Presner has advised Rosenstein since the student’s first year at UCLA, and has played a significant role in the documentation of Holocaust survivors’ stories. Presner maintains that the film is not simply about understanding the overall history of the Holocaust. Rather, the documentary is “foremost a film about the fragility of human relationships, our capacity for love, and the inevitability of the aging process itself. In eighteen spellbinding vignettes, 3 UCLA undergraduates have captured the human condition. It is a truly remarkable achievement.”
Presner is also an invaluable member of the Bearing Witness program as he continues to bring Holocaust survivors to Hillel at UCLA, and encourages survivors to tell their stories and keep the history of the Holocaust alive.
The film begins with a dedication, unlike most seen before. Slowly, black and white photographs appear on the screen in the form of a montage, accompanied by the soft notes of a piano. Some of the photographs are framed and hanging on walls, and some are loose, delicately lying on a table. Each photograph presents a dated image of either a child or an adult. Under each image emerges a name, to whom the film is dedicated. The names are rather unfamiliar, but once the testimonials begin, it becomes clear to whom they belong.
Subsequently, the film breaks off into vignettes displayed in the same order as the dedications of the Holocaust survivors’ stories and testimonials. Introducing each segment was the name of the survivor and a title for their testimonial. The title provided viewers with a word or phrase that was used by the survivor or that complemented their piece.
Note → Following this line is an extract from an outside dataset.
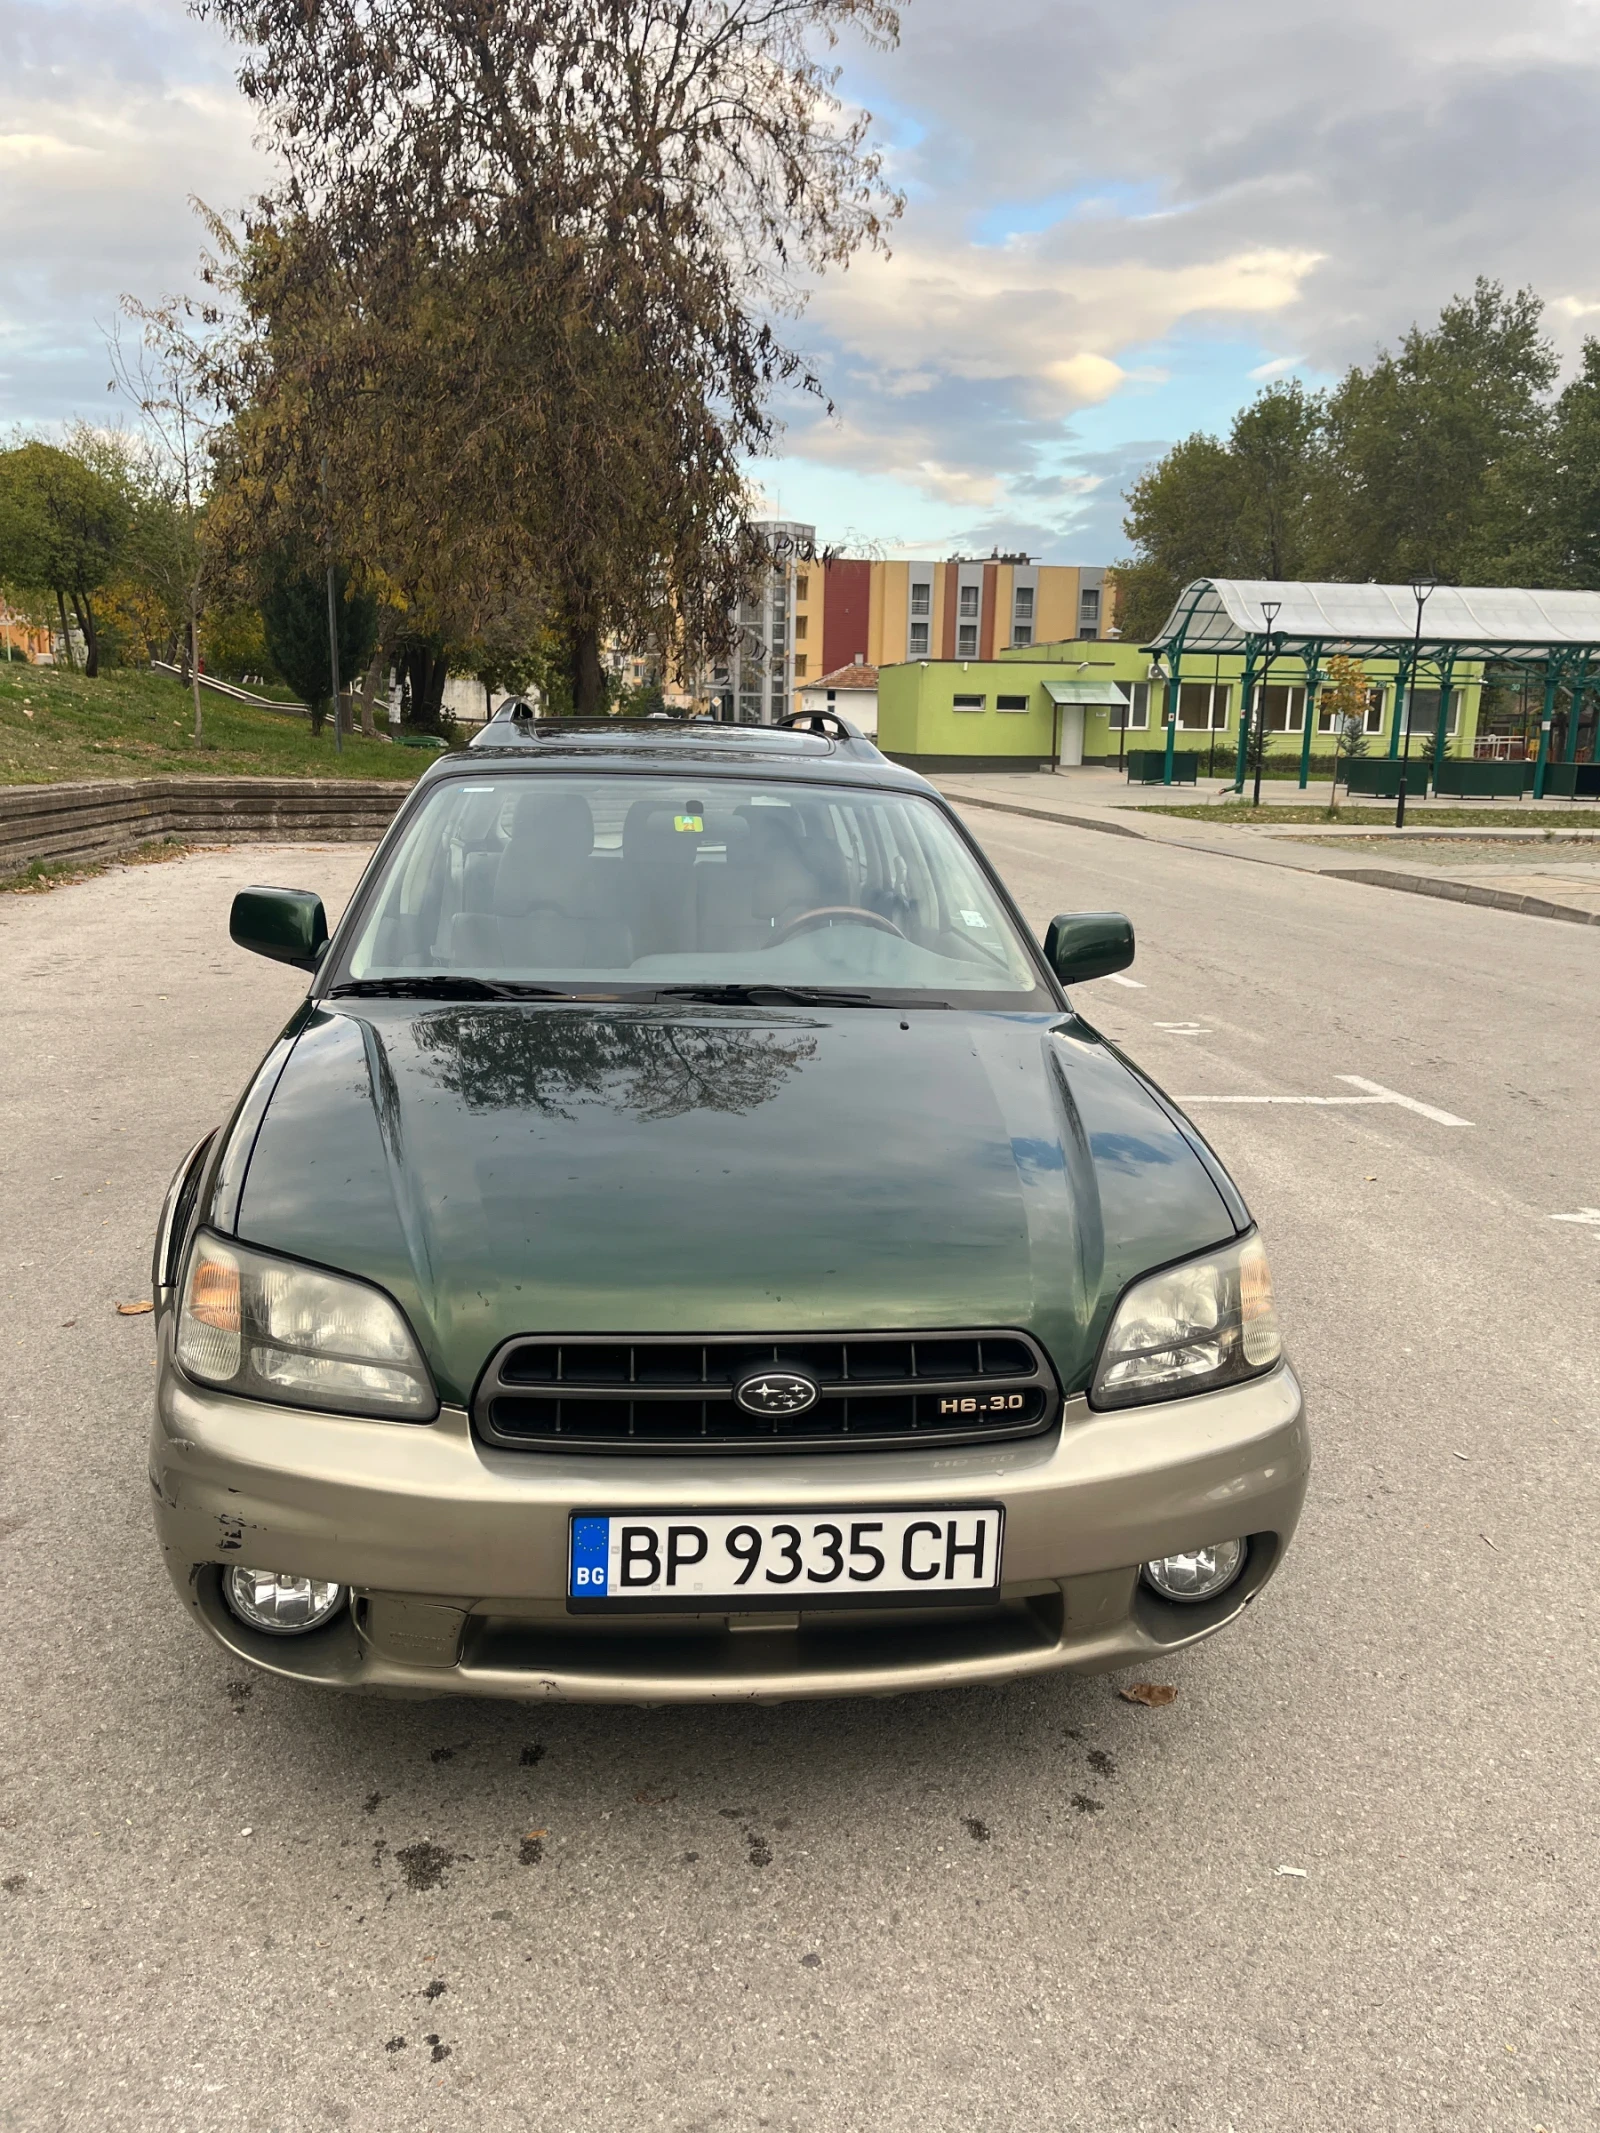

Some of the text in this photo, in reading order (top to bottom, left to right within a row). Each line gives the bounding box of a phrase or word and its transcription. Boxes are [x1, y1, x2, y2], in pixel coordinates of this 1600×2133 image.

[1511, 683, 1521, 691] 30
[620, 1519, 986, 1587] BP 9335 CH
[577, 1567, 605, 1585] BG
The word or phrase expressed who each survivor was as an individual.
Among the survivors interviewed were Eva Brettler, Kurt and Rosza Bronner, Mina Colton, Stella Esformes, Lya Frank, Natalie Gold, Allen and Dorothy Greenstein, Emil and Erika Jacoby, twin sisters Rita Kahane and Serena Rubin, Eta Moss, Julius Rothschild, Toby Tambor and Miriam Tasini. Each story shared and each memory retold gave viewers a lasting image of the survivors’ world during the Holocaust, and their journeys thereafter.
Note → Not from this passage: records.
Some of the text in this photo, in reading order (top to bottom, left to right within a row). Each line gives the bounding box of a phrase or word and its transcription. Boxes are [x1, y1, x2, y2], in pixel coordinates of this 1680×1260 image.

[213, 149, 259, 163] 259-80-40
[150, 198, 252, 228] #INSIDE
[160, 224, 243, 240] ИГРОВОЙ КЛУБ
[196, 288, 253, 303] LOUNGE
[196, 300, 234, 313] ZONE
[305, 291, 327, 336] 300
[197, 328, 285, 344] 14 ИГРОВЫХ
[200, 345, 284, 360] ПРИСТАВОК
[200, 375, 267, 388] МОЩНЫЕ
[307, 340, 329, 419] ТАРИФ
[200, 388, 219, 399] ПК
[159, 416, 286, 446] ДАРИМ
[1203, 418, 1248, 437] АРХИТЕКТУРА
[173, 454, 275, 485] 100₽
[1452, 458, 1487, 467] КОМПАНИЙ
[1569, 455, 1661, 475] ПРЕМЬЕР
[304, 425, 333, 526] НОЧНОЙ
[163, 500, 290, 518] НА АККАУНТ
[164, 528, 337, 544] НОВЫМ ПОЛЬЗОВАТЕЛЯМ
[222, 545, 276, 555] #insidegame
What I found most interesting was the variation of matters each survivor had to share. Of course, they wanted to give viewers a piece of their history, which can only be shared and told first-hand. However, as the audience listened ardently to the struggles most of the survivors overcame as children, they were also floored by the interests, accomplishments and remarkable life experiences this group of Holocaust survivors underwent throughout their lives.
Mina Colton, a participant in the Bearing Witness program and feature in the film, declared her life during the war to be a nightmare. She was nearly incapable of believing the horrors she saw. Following her recollections of secretly meeting with neighbors to read poetry in the ghettos, and later, her stories of fleeing death, she inspires viewers with her memories of living in newfound Israel. Colton vividly describes where she was in Tel Aviv when she heard David Ben-Gurion’s voice over loudspeakers, projected throughout the city, proclaiming the establishment of the State of Israel. Colton’s words brought tears to my eyes and sent chills down my spine. After living in Nazi-occupied Łódź, Poland, and living through such suffering simply for being a Jew, she witnessed the creation of a land where Jews could live free and proud.
I was pleased to see some of the survivors I met with when I was part of the Bearing Witness program, especially Eta Moss, the Holocaust survivor with whom I spent my winter quarter of 2015. Moss, who is from Hungry, shared the beautiful and romantic story of how she met her husband, Sam, while in a concentration camp in Germany. Sam, who lived on the men’s side of the camp and played the accordion, entertained the ladies who lived in the women’s quarters on the other side of the fence. One day, Sam asked the ladies to give him a song to play, and Eta responded, “La Paloma,” her favorite Spanish song, which she had not heard since before the war. Sam, who was from Salonika, Greece, surprisingly knew how to play “La Paloma” and charmed Eta from the other side of the fence. Soon, Eta and Sam were instructed to entertain both the officers and inmates at the camp. Sam played the accordion and Eta accompanied his music with her singing. When the war ended, Eta and Sam married and continued their loving partnership.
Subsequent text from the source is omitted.